Far less exposure for the crew. Submerged, she could penetrate the deepest zones of radiation . . . we did so in . . . Russia. Any coastal city, anywhere. She could . . . just for example, having spoken of that city . . . come right into New York harbor. Stick her scope up. Find out what really happened, what it’s like, or a pretty good firsthand idea. To your people. Of course we know what in substance we shall find there. That is hardly the point. It is that there is something to having seen for yourself—in a matter so urgent—what you already know. One is compelled to do so, have one’s own look. There is something in a man that insists on that if it is at all possible—as it is now. Something especially in a seaman that says this must be done. I found that true for myself and my men as to Russia,” he said matter-of-factly. “We knew what we would find. Still, we had to see with our own eyes. Terrible as it was, I know now it was an absolute necessity—for the mind. For one’s soul.”

He paused, rearranging himself a bit on the rock. I had a small worry that he had moved too near its edge. An odd thing occurred to me—he seemed to be trying to persuade me, almost as a bait, that we should have a look at our home as he had had at his, at its known devastation (supposedly taking a given number of us in
Pushkin
—I waited for that, as to its details); odd in that it seemed a strange sort of concern for him to have. It was time for me to insert something.

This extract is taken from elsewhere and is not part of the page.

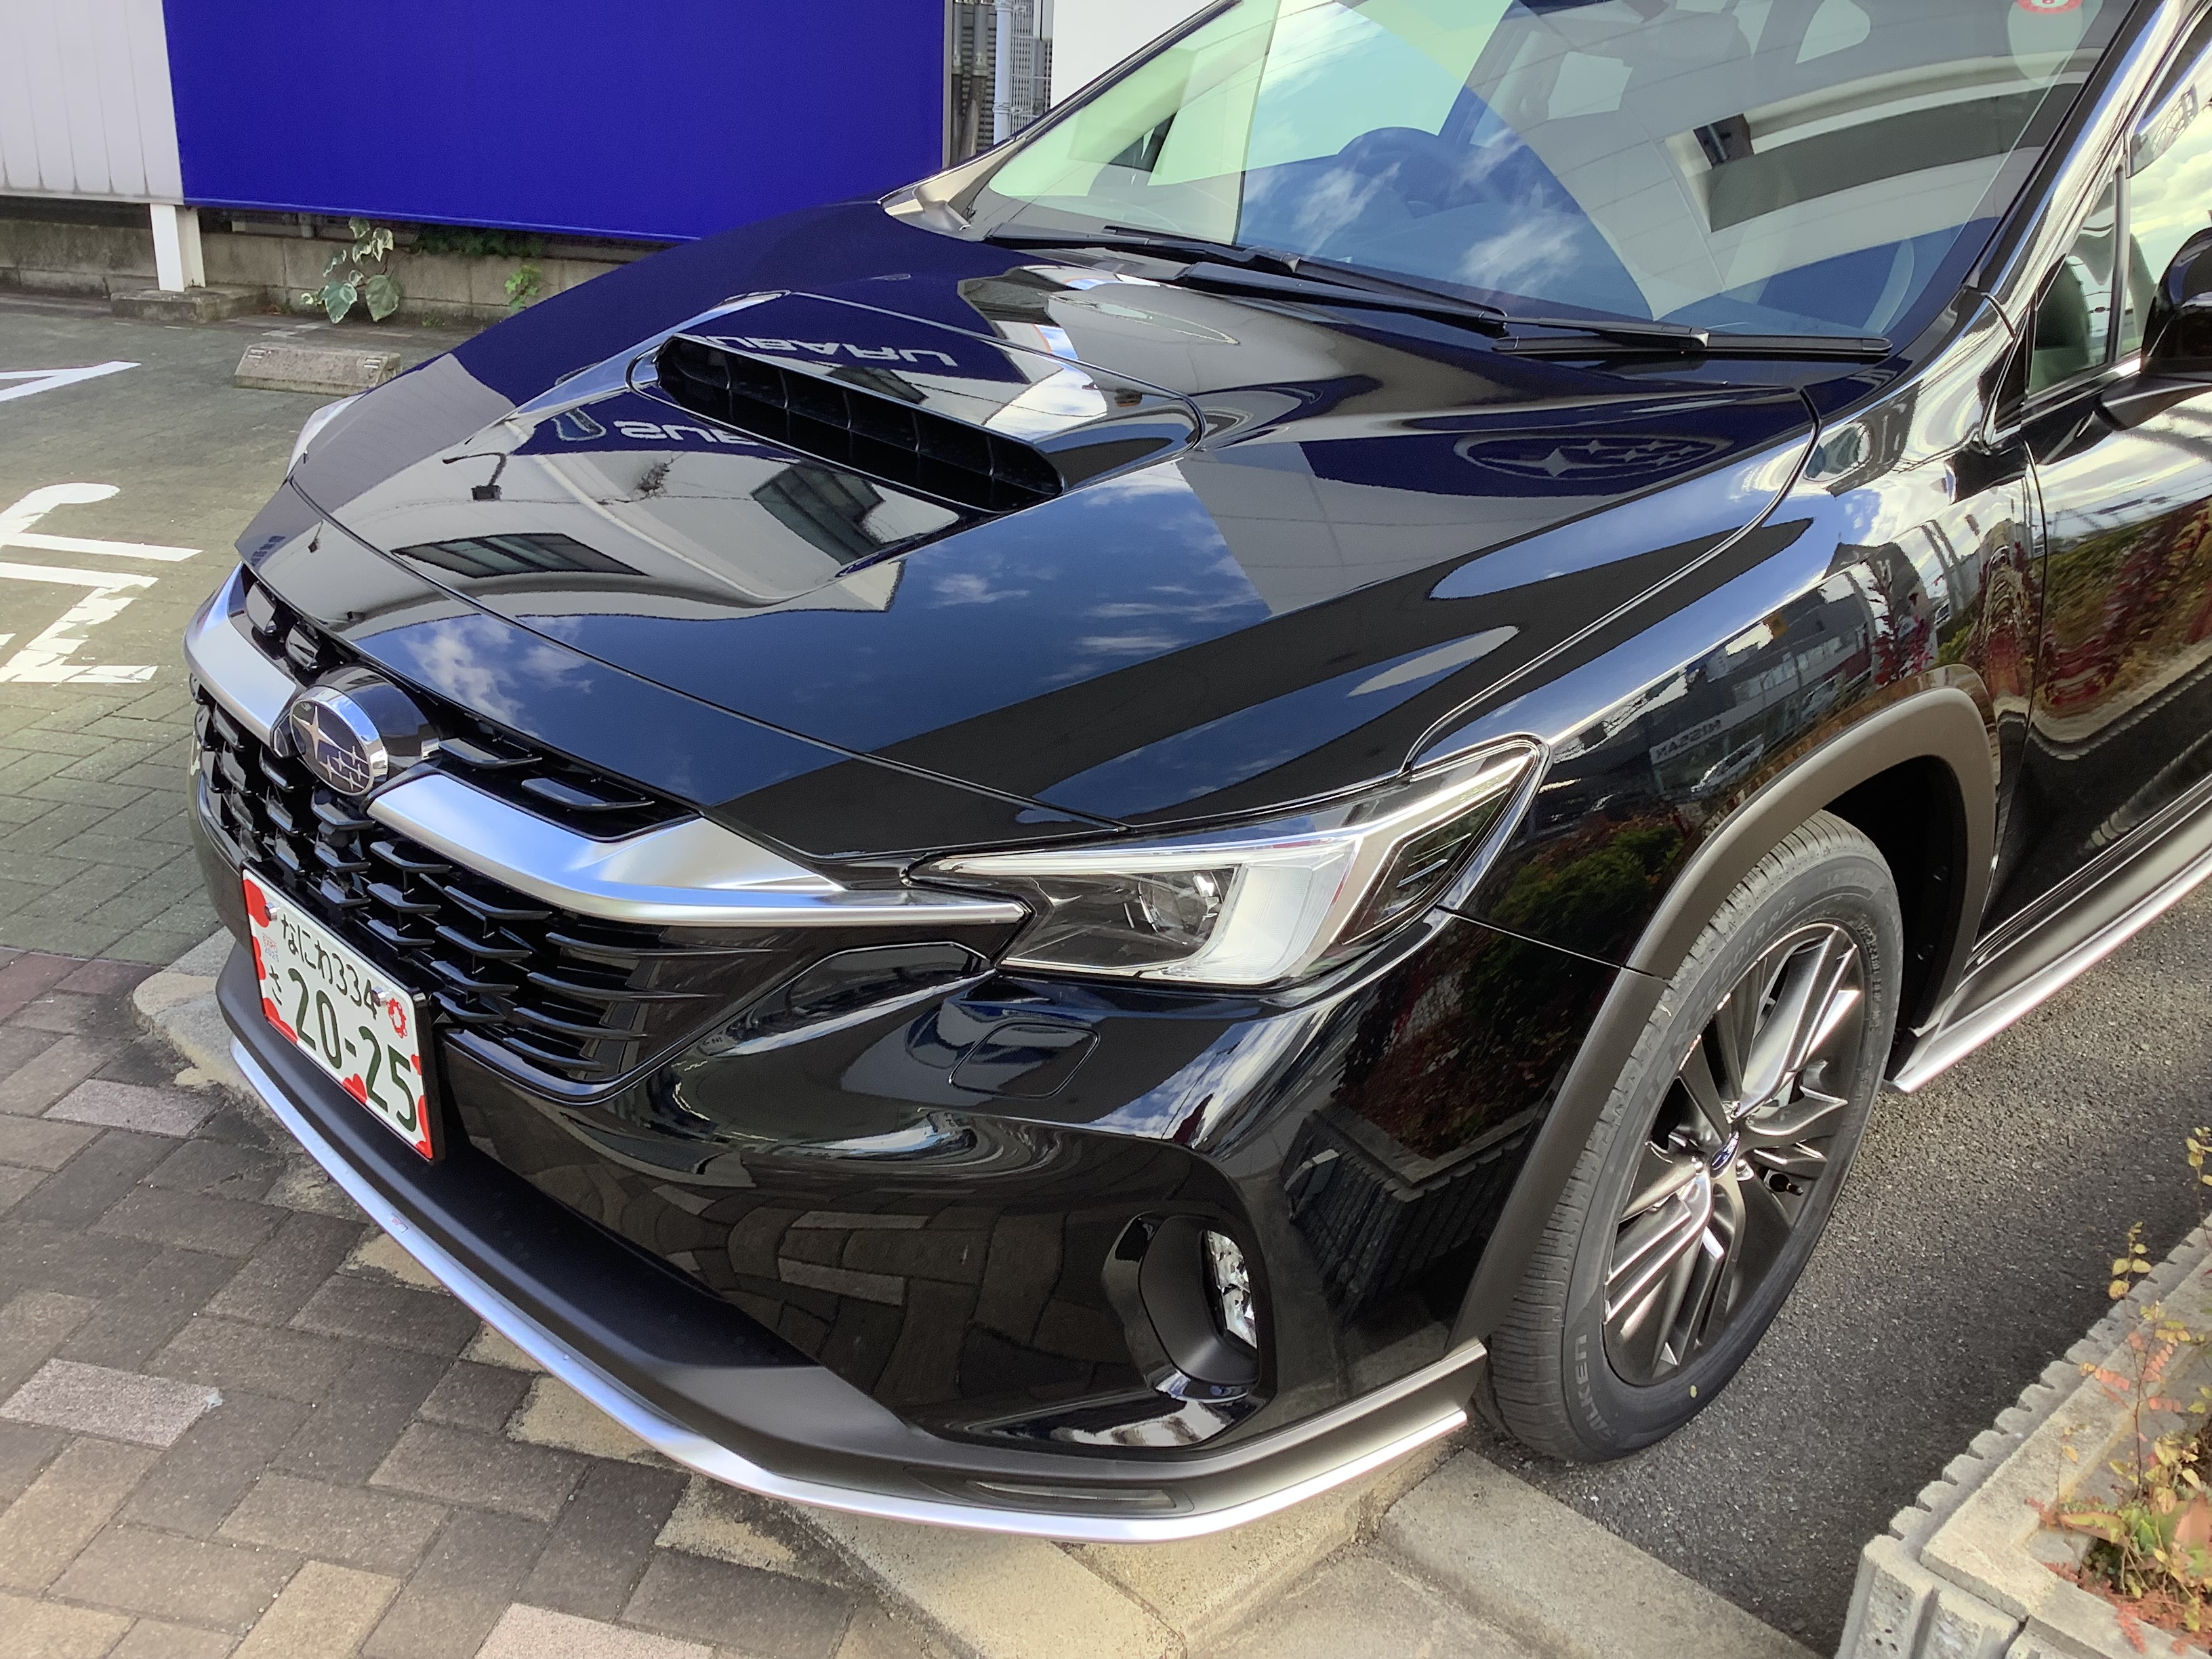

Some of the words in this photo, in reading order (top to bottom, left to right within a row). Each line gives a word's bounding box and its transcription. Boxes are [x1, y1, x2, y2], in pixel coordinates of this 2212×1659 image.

“Some of my ship’s company believe they will find habitable land there, thriving people; a place they can stay.”

“Good,” he said calmly. “Those possessing such fantasies above all should be included in those who go in
Pushkin.
When they find out so differently, they can come back and tell the others. You will be rid of that problem.”

It was as if he had disposed of a minor detail, speaking very much like a ship’s captain instructing me in the handling of a vexing, if easily solved problem. Having done so, he continued at once from this aside; above all, his voice radiating a captain’s certainty as to course.